By using a morphometric approach, based on five parameters, we found significant differences between cultured control and celiac FBs; in particular, celiac FBs were substantially longer and wider, with a preserved circularity but a reduced complexity index (perimeter/area ratio) if compared with control FBs. These characteristics are specific of celiac FBs independently by the dietary status of the patients and the Marsh-Hoberhuber histologic grading, suggesting a "permanent" alteration. Since it is well known that shape and size of cells are the result of the spatial arrangement of the microtubule cytoskeleton and are closely related to cell function, we cannot exclude that these differences reflect, at least in part, a different functional state and/or a phenotype.

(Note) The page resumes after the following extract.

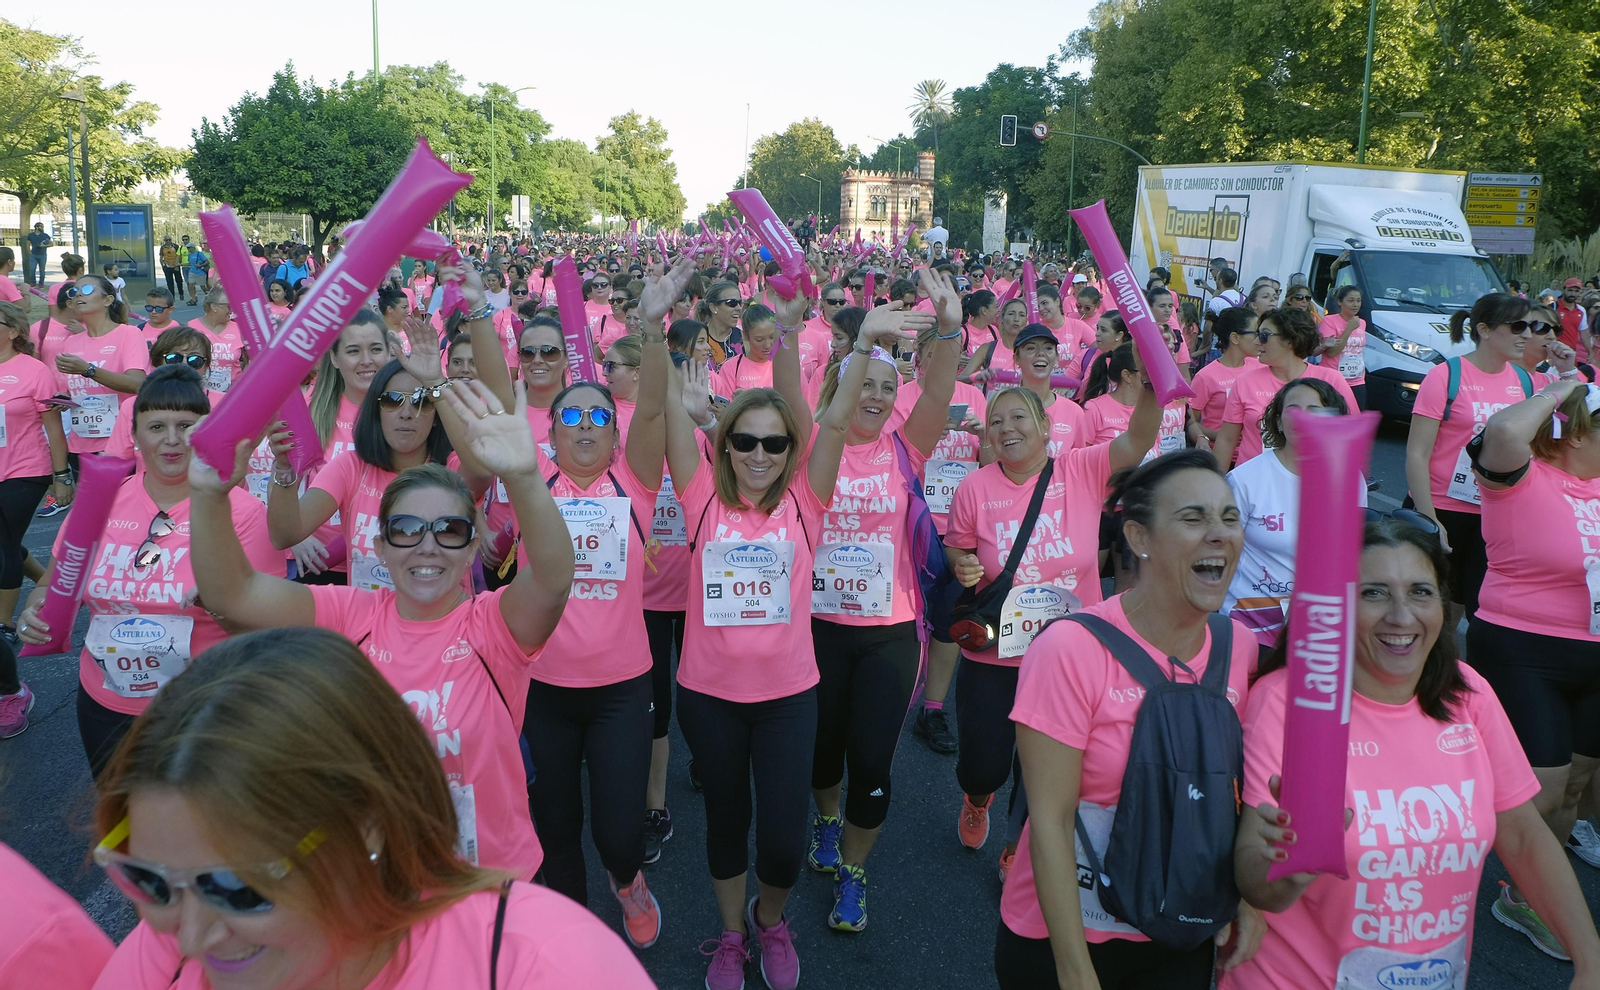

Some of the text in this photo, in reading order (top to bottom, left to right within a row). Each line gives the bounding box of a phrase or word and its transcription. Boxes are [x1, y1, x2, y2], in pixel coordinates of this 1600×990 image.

It is noteworthy that the reduced perimeter/area ratio suggests for cultured celiac FBs a lower shape complexity, a parameter that normally is under tight control to ensure a normal cell architecture and tissue pattern [46]. At this regard it should be noticed that standard in vitro cell culture models do not represent the in vivo structure, nonetheless the differences observed between control and celiac groups were obtained in the same culture conditions.

Primary cell cultures from duodenal endoscopic biopsies provide human disease-specific material and are easily suitable in all patients; in fact previous studies using primary cultures from the GI tract were performed only by sampling surgical pieces, thus excluding non-surgical patients, that are known to represent the majority of affected ones. The method of cell culture here described could help in the establishment of novel experiments to study the role of FBs in the pathogenesis of the mucosal damage and to test new therapies alternative to the gluten-free diet. In this context, endoscopy can revalue its role from a simple diagnostic and therapeutic method to a determinant technique in basic translational research.